Collaborative ethnography is a qualitative research method, which involves the interactive study of the way in which people perceive, describe, understand and explain the world. Unlike other research methods, in collaborative ethnography, the researchers and the collaborators (co-writers, research subjects, people within the communities) have a special relationship which requires constant mutual and collaboartive engagement throughout the entirety of the study. Here, collaborators not only become part of the research, but they also contribute to the study by working together with the ethnographer through collective intellectual effort (Lassiter, 2005) to achieve greater understanding of themselves and their social environments. As Luke Lassiter writes:
‘Collaborative ethnography invites commentary from out consultants and seeks to make that commentary overtly part of the ethnographic text as it develops. In turn, this negotiation is reintegrated back into the fieldwork process itself. Importantly, the process yields texts that are co-conceived or cowritten with local communities of collaborators and consider multiple audiences outside the confines of academic discourse, including local constituencies.’

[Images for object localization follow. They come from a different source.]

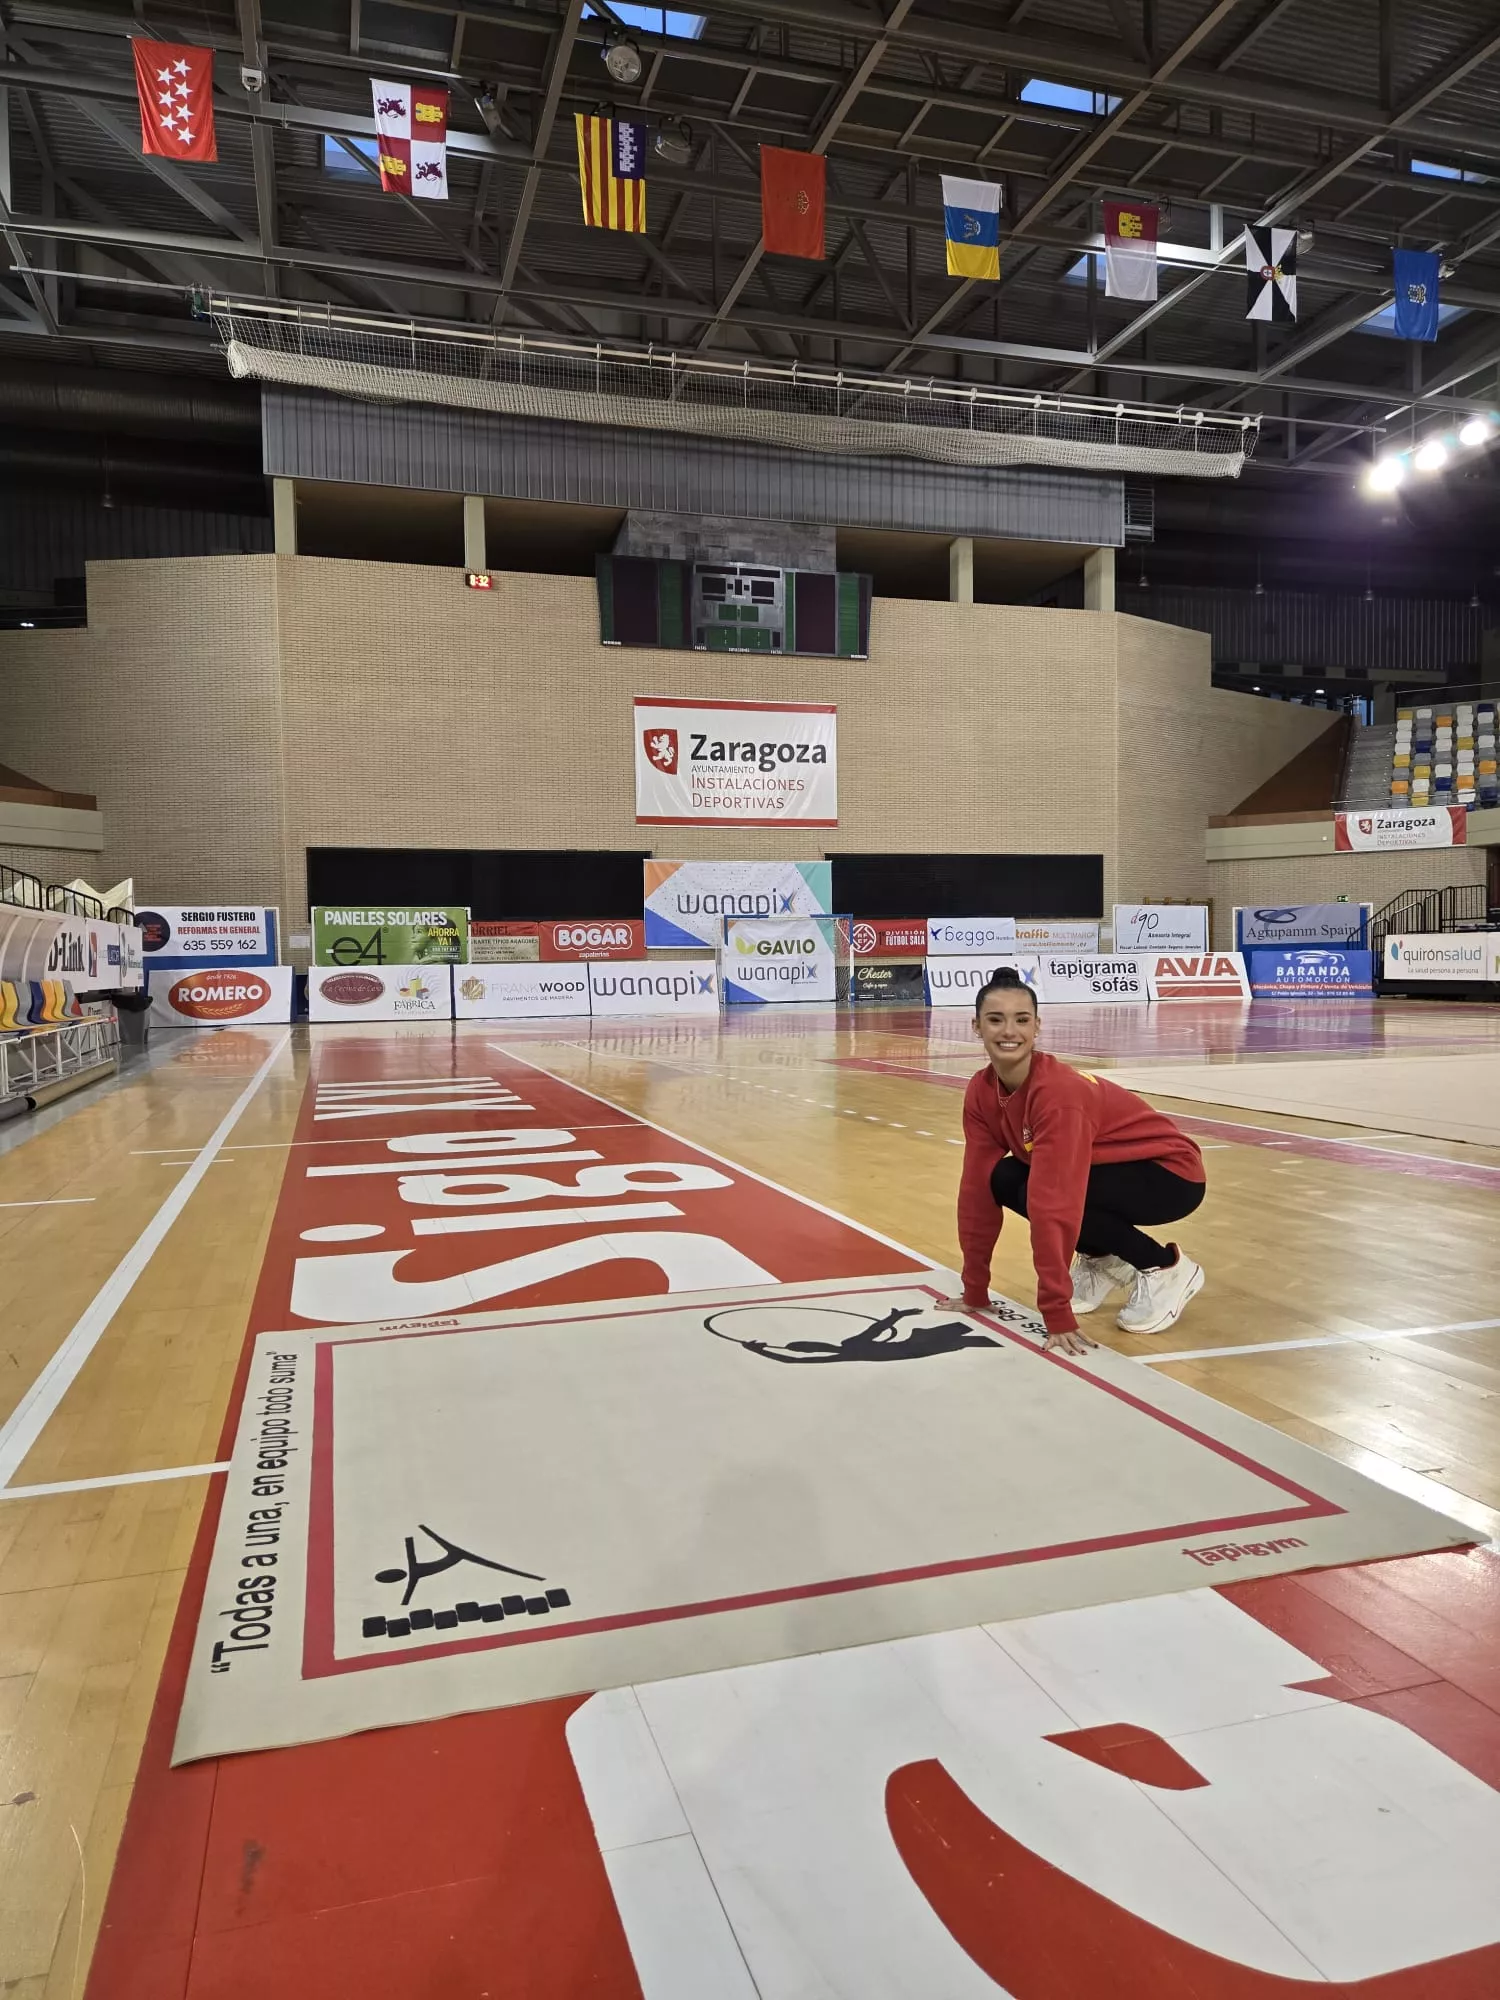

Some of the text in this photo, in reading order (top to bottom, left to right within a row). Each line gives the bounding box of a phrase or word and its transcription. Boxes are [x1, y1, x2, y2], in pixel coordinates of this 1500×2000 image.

[470, 574, 488, 587] 8:32
[690, 733, 827, 772] Zaragoza
[691, 764, 755, 774] AYUNTAMIENTO
[691, 774, 805, 792] INSTALACIONES
[692, 792, 784, 809] DEPORTIVAS
[1376, 818, 1436, 830] Zaragoza
[677, 888, 796, 917] wanapix
[181, 911, 256, 922] SERGIO FUSTERO
[324, 910, 448, 926] PANELES SOLARES
[178, 925, 261, 935] REFORMAS EN GENERAL
[428, 928, 460, 937] AHORRA
[558, 928, 628, 946] BOGAR
[945, 926, 995, 946] begga
[1016, 929, 1050, 938] traffic
[1246, 924, 1356, 940] Agrupamm Spain
[183, 939, 257, 950] 635 559 162
[756, 938, 816, 956] GAVIO
[910, 936, 925, 945] SALA
[48, 932, 85, 972] D-Link
[1404, 945, 1482, 965] quirónsalud
[737, 962, 818, 984] wanapix
[858, 967, 892, 980] Chester
[1050, 960, 1137, 978] tapigrama
[1276, 966, 1350, 976] BARANDA
[178, 984, 262, 1002] ROMERO
[594, 970, 714, 1001] wanapix
[1092, 976, 1138, 992] sofás
[314, 1077, 537, 1121] XXI
[290, 1128, 782, 1322] Siglo
[256, 1387, 294, 1416] todo
[250, 1418, 298, 1470] equipo
[250, 1474, 284, 1496] en
[245, 1501, 290, 1546] una,
[240, 1552, 278, 1567] a
[1182, 1535, 1309, 1566] tapigym

It goes without saying that collaborators have more of an influential and significant role in this type of research. Collaborative ethnography can be used to consult with the research subjects to determine urgent social issues and research topics. As Lassiter writes ‘instead of beginning with theoretical problems, the ethnographer can begin with informant-expressed needs, then develop a research agenda to relate these topics to the enduring concerns within social science’. Thus, according to Lassiter, research subjects can influence ethnographic priorities, as they may be in a better position to clearly identify urgent research topics.
As collaborative ethnography enables the subjects of the study to contribute to the process, it is an effective research method that yields more accurate findings of social environments. Indeed, unlike purely scientific and quantitative research methods, collaborative ethnography enables a deeper and more contextualised understanding of the relevant issues, allowing the ethnographer to delve into the ‘why’s’ and ‘how’s’ of social issues.

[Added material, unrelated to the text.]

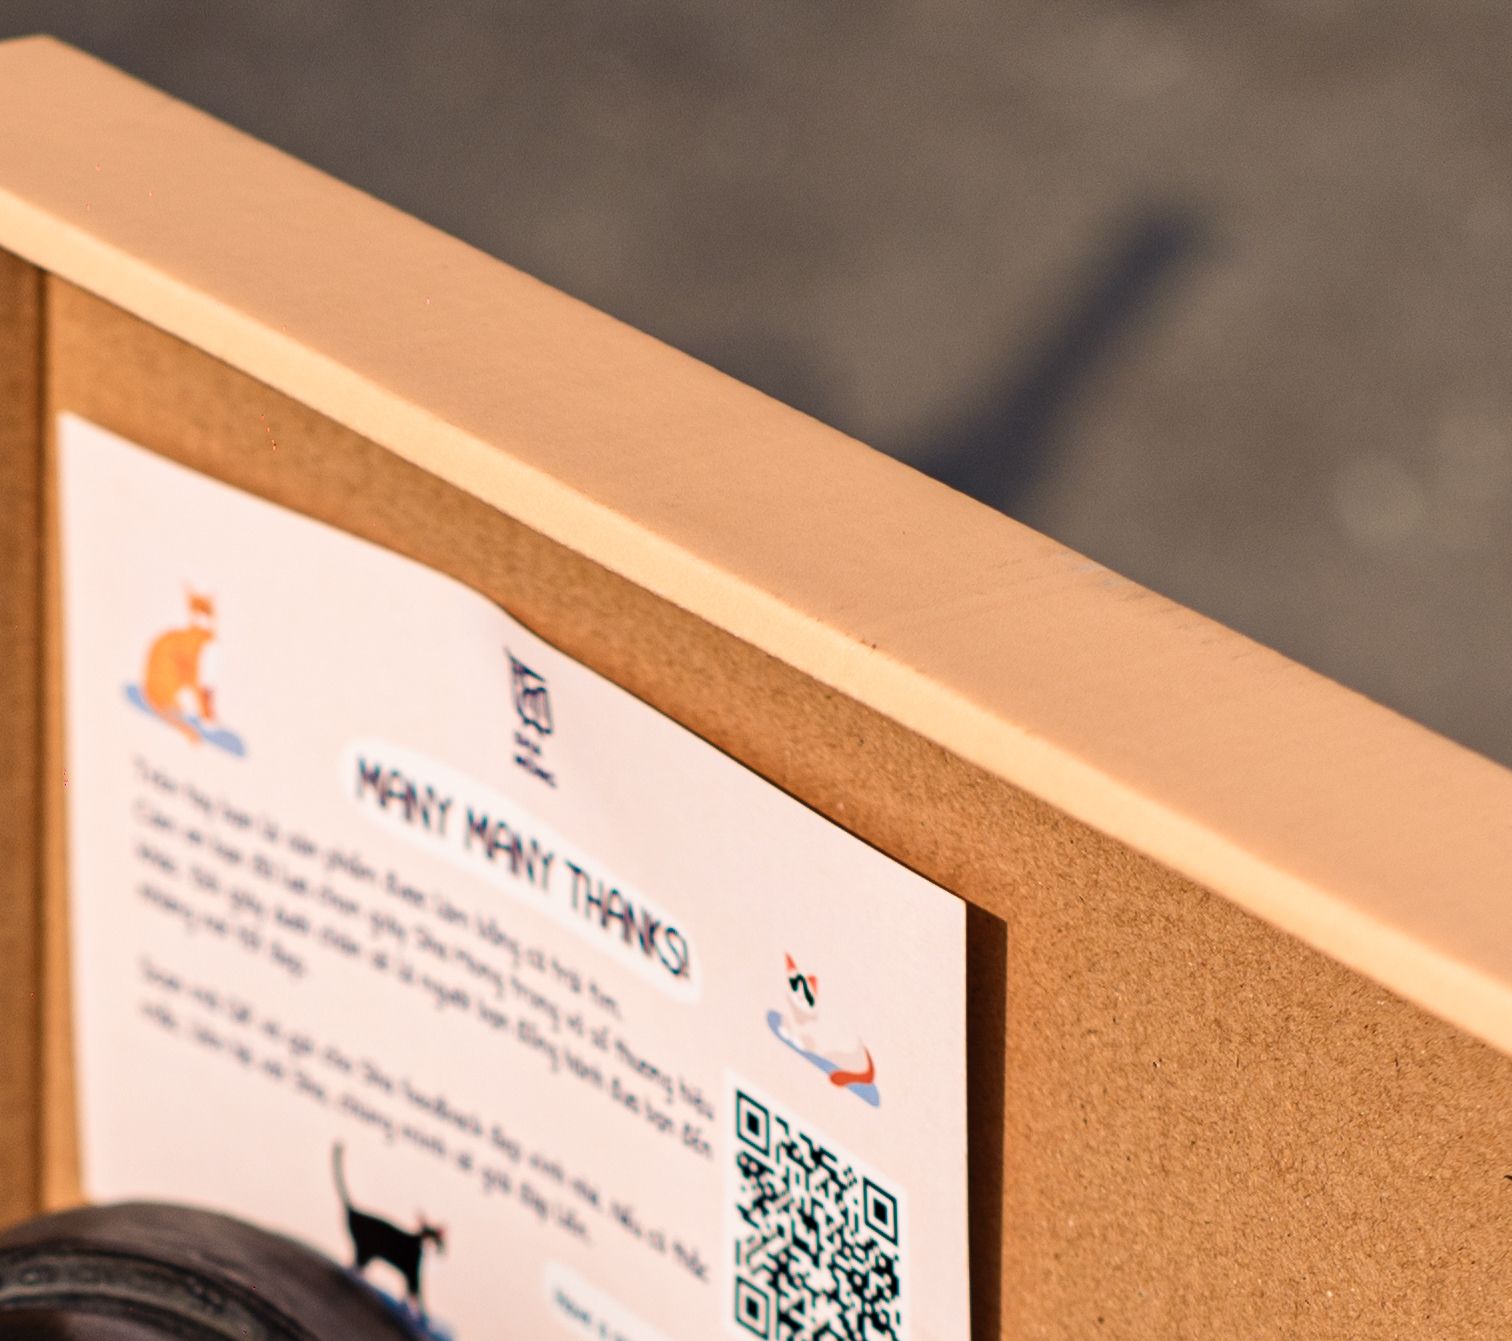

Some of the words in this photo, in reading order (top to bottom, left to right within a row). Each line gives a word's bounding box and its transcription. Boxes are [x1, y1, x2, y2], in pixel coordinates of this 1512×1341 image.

[356, 756, 453, 837] MANY
[463, 803, 555, 890] MANY
[564, 857, 693, 980] THANKS!
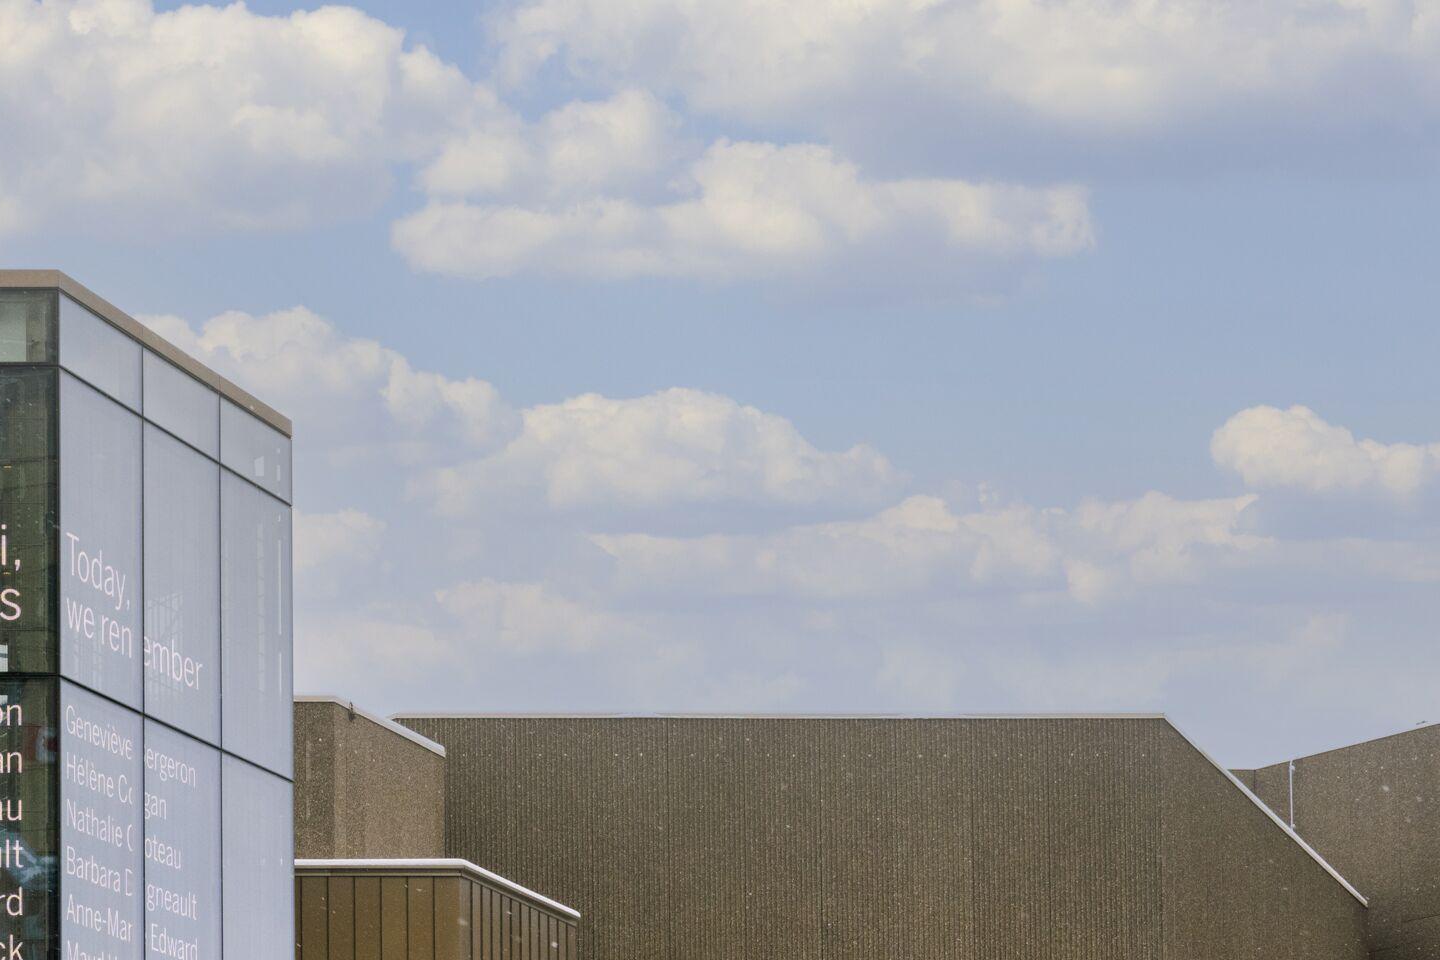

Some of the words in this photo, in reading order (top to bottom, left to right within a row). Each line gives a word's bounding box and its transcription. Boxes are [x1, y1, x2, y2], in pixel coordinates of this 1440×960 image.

In fact, last week I was involved in my very first collaborative ethnography project, which involved the study of the experiences and memories of television use in previous generations. This was a collaborative project because all the students enrolled in this subject were required to conduct similar interviews with people on their experiences of having a television. This exercise gave me the opportunity to interview my dad and have an interesting discussion about how the introduction of the television impacted his childhood and family household when he was in India as an 11-year old boy. The great aspect about this exercise was that I could let my dad reign the conversation and share special stories which shaped his experience of the television. Unlike quantitative research which would only provide black and white numerical analysis, this exercise not only enabled me to understand that the television had a significant impact in my father’s childhood, but it also helped me to understand how and why the television had such an impact.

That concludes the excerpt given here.